Storm vs Windmill Lane
Storm (Benjamin Moore) and Windmill Lane (Little Greene) come from different manufacturers. Hue-wise, Storm belongs to the grey family and Windmill Lane to the green-grey family. The 5-point LRV gap — 36 for Storm vs 31 for Windmill Lane — means Storm will open up a space more effectively. Both share a green character, which means they'll respond to light and surrounding materials in similar ways. A ΔE of 10.2 puts these firmly in different territory — two distinct design choices rather than close alternatives. Below you'll find 3 real-room photo comparisons where both colors appear side by side, plus 5 simulated room previews.
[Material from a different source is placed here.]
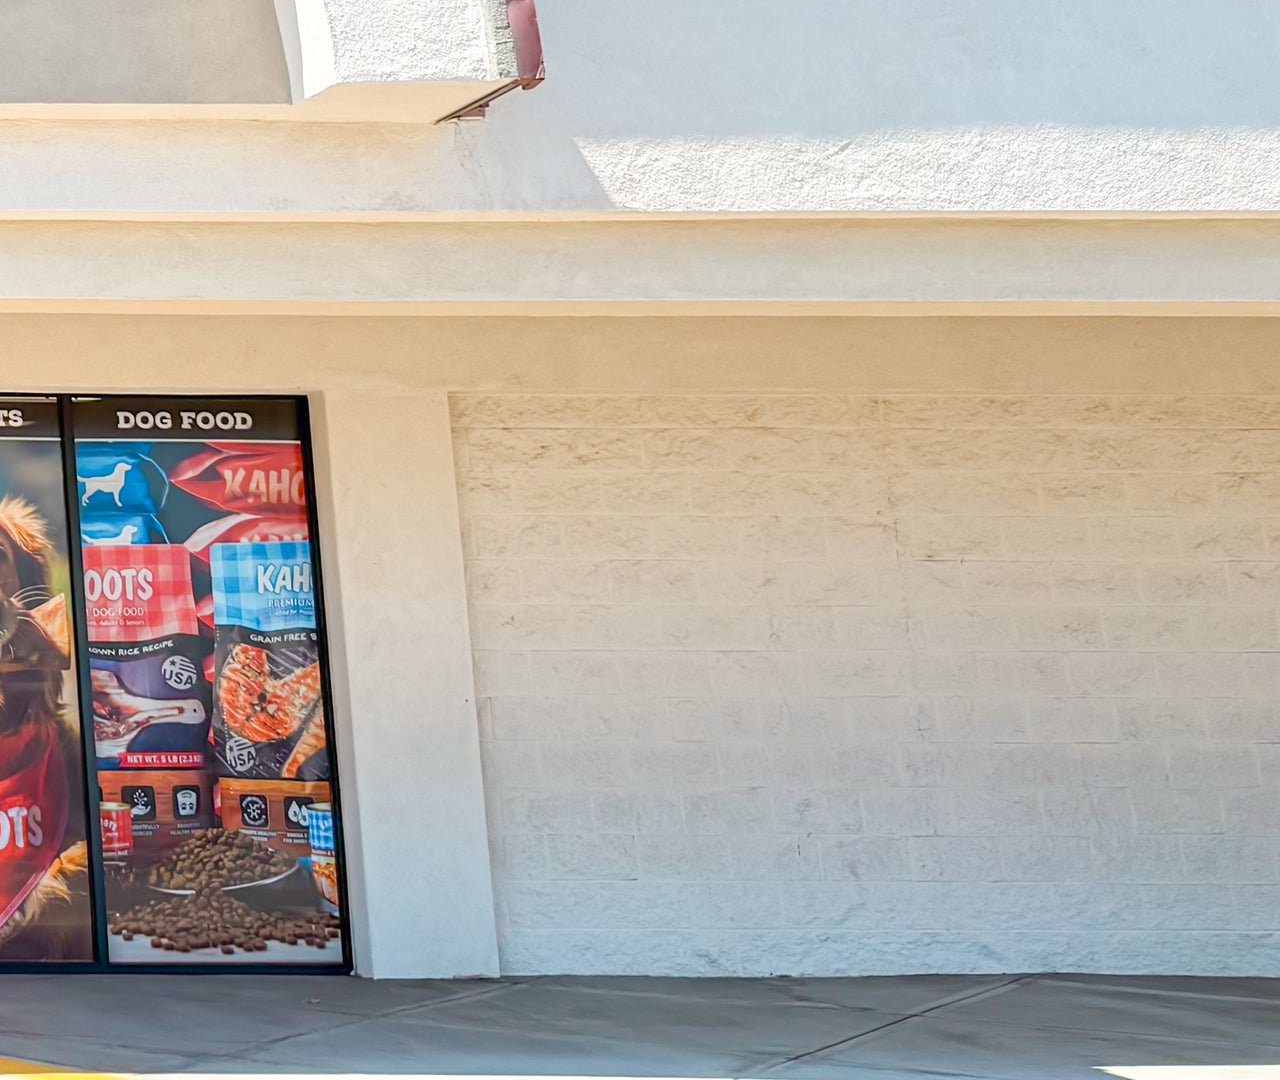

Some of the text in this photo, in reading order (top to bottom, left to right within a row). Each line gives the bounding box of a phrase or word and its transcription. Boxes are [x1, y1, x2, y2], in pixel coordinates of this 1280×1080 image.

Storm vs Windmill Lane in Real Spaces
3 real rooms side by side. Seeing Storm and Windmill Lane in actual rooms makes the difference concrete; browse the spaces below to get a feel for how each color lives on a wall.
Living Room
A living room wall sees more varied light than almost any other surface in the house, which makes the choice between these two more nuanced than a chip suggests. Storm reads slightly lighter here — a subtle but real difference in how open the space feels.
Bathroom
Small bathrooms intensify color. A shade that seems quiet in a larger room can feel immersive when you're surrounded by it on four walls. Storm has the edge in reflectance, which shows as a quiet sense of added space rather than an obvious contrast.
Kitchen Cabinets
Cabinet color is always seen in context — against countertops, backsplash, and hardware — which amplifies undertone differences that might disappear on a plain wall. Storm has the edge in reflectance, which shows as a quiet sense of added space rather than an obvious contrast.
Color Details
Storm vs Windmill Lane Simulated Comparison
5 simulated room previews — drag the slider on each to see Storm on one side and Windmill Lane on the other.
Digital color is approximate. These simulations are generated from the manufacturer's hex values and overlaid on grayscale room photos — your screen's calibration, brightness, and viewing angle all affect how they render. Before committing to either color, test physical samples in your own space under the light you actually live with.
More Storm comparisons
See how Storm stacks up against other well-photographed colors across different brands and tones.